Gigi Oeri, la présidente mécène du FC Bâle, n’est pas contente. Avec l’assentiment unanime de son conseil d’administration, elle vient de dénoncer le contrat de l’entraîneur Christian Gross (56 ans), lequel accord portait jusqu’en juin 2011. Au moins, celui qui coachait le FCB depuis 1999 – presque un record de longévité à ce niveau – n’aura-t-il aucun souci financier à se faire ces prochains temps…

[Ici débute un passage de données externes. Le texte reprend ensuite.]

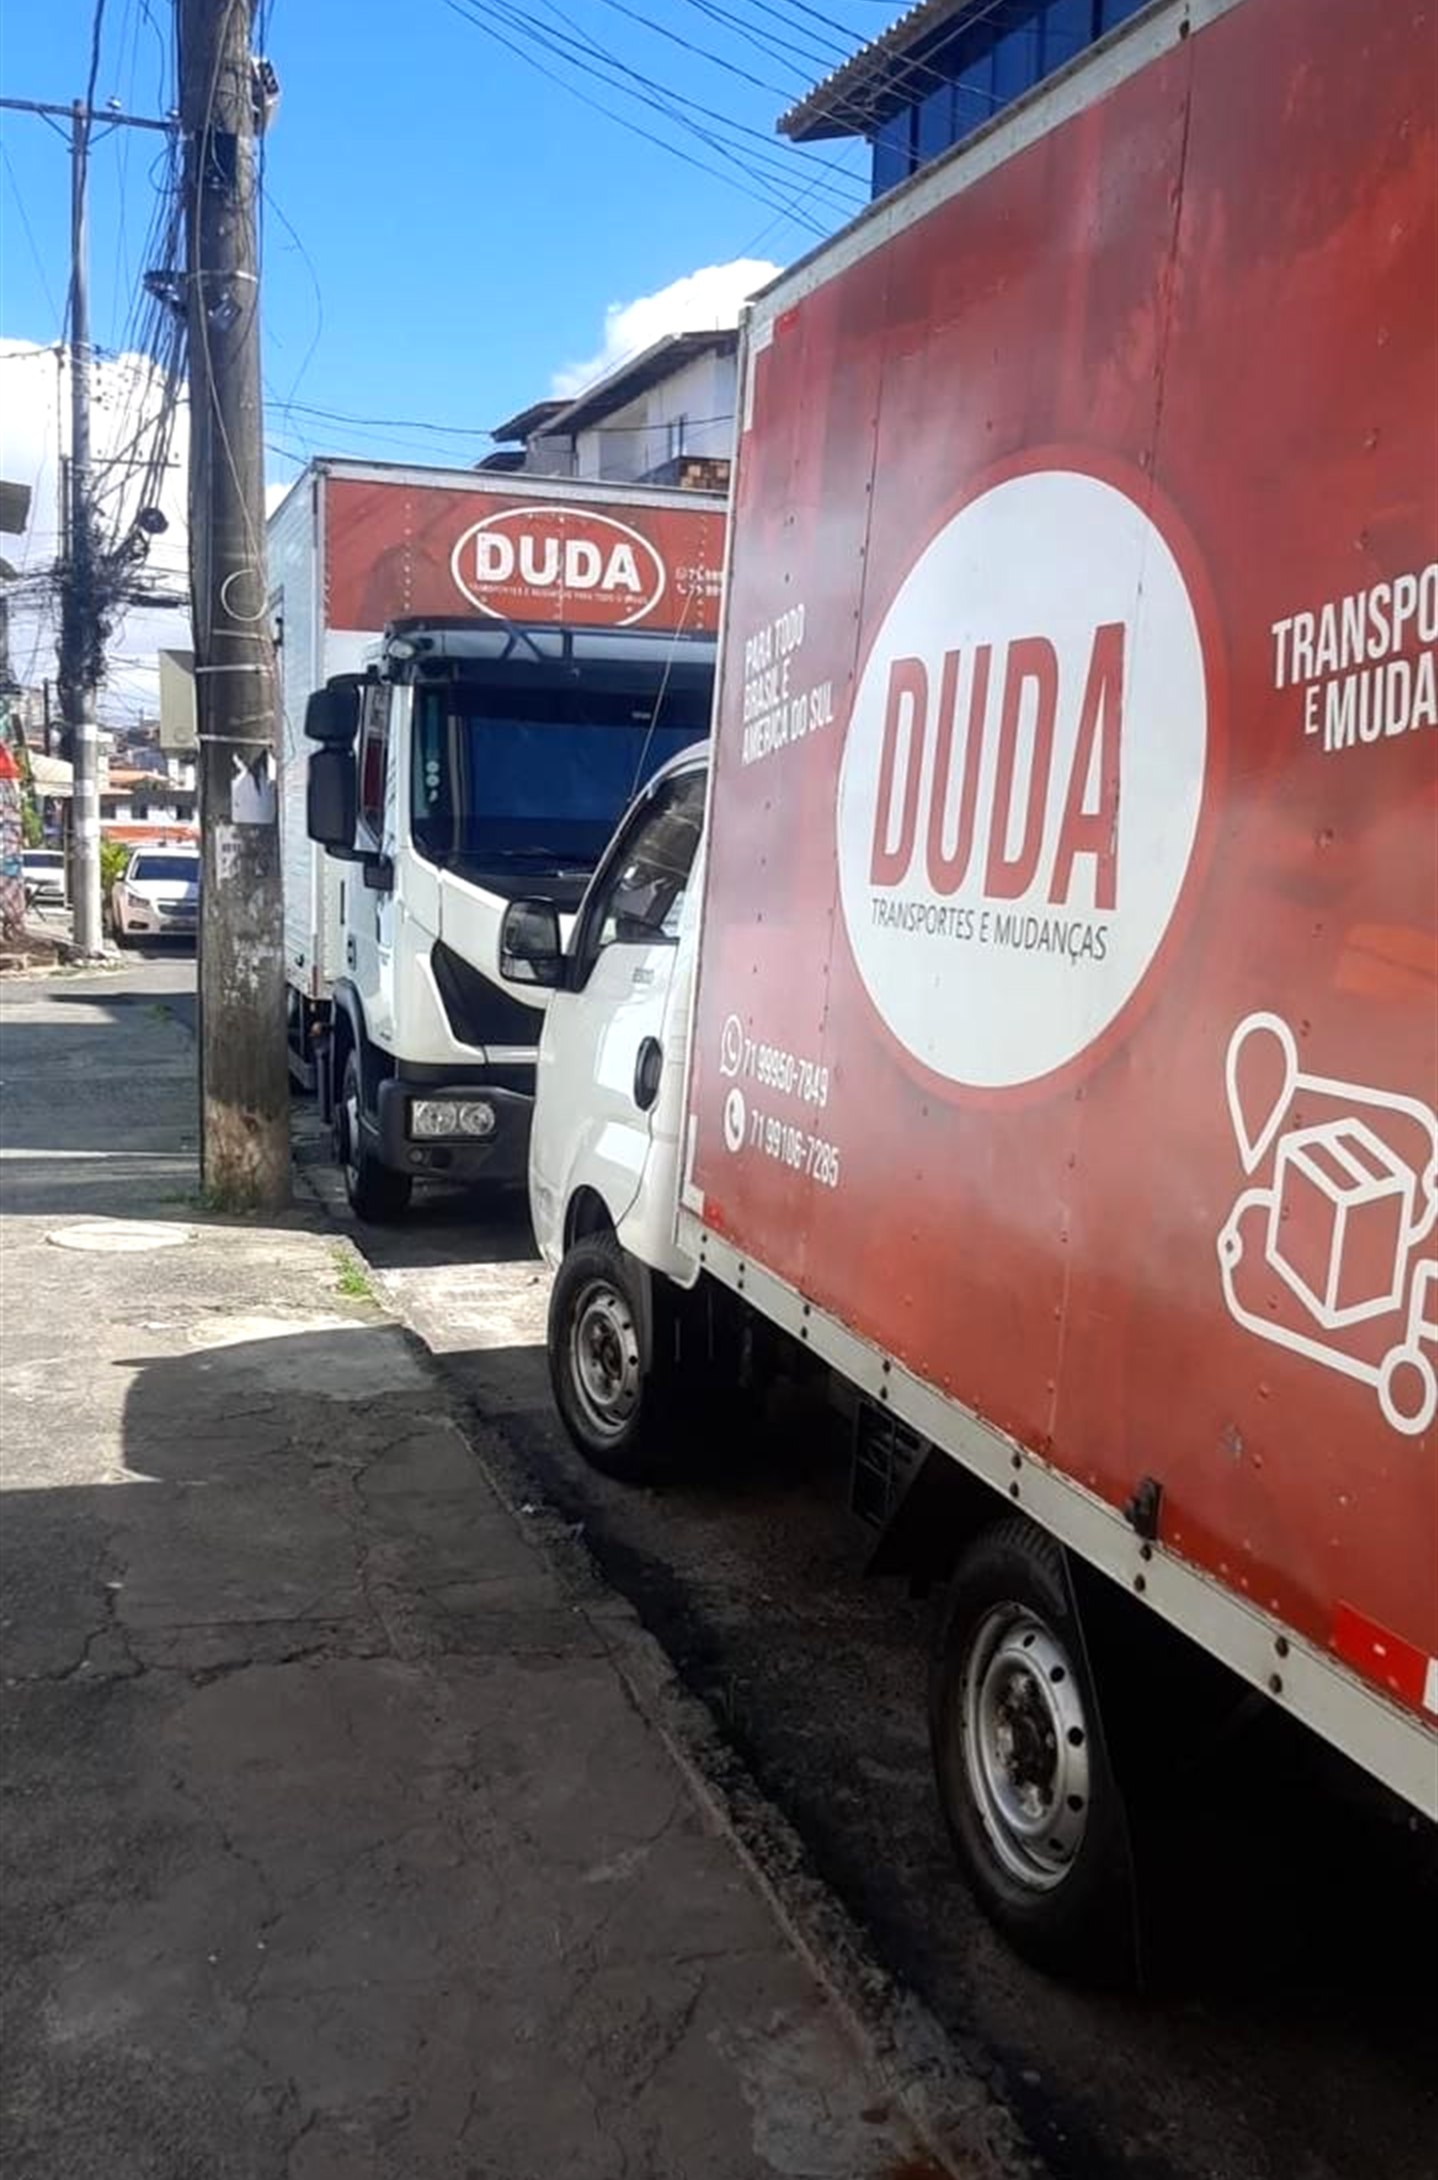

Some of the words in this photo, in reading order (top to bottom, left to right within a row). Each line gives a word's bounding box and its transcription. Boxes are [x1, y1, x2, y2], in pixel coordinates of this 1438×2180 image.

On n’est pas certain, cependant, que telle soit la préoccupation première de celui qui fut un milieu de terrain bien connu en Suisse romande (trois saisons au Lausanne-Sports, deux à Neuchâtel Xamax entre 1975 et 1980). Non, ce qui doit tarabuster davantage le manager déchu, c’est d’avoir accompli la saison de trop à la tête des Rhénans. Quand on dispose d’un budget annuel de quelque 35 millions de francs – plus du double de celui du FC Zurich, à titre d’exemple – et que l’on réalise un exercice «blanc», le couperet tombe sèchement: recrutement raté (à l’image de la pseudo-vedette argentine David Abraham), pas de titre national, pas de Coupe, juste une 2e place au championnat qui donne droit à des éliminatoires chimériques en vue de la phase de groupes de la nouvelle Europa Ligue (ex-Coupe de l’UEFA)... Bye, bye, Mr Gross.

L’année dernière déjà, l’homme évoquait l’envie de se retirer, d’aller voir sous d’autres cieux si la vie était aussi belle que sur les bords du Rhin. Mais un ultime sacre helvétique et quelques dollars de plus le convainquirent de prolonger son bail. Erreur. A ce stade d’usure du pouvoir, les quatre titres de champion national et les quatre Coupes de Suisse amassés en dix années ne comptent plus. Pas davantage que la formidable épopée de l’automne 2002 en Ligue des champions, où Bâle sortit le Celtic Glasgow avant de venir à bout de la Juventus et de tenir Liverpool et Manchester United en échec.

Le monde du football est ainsi fait: il oublie tout très vite. Et ne connaît aucune sorte de reconnaissance du ventre.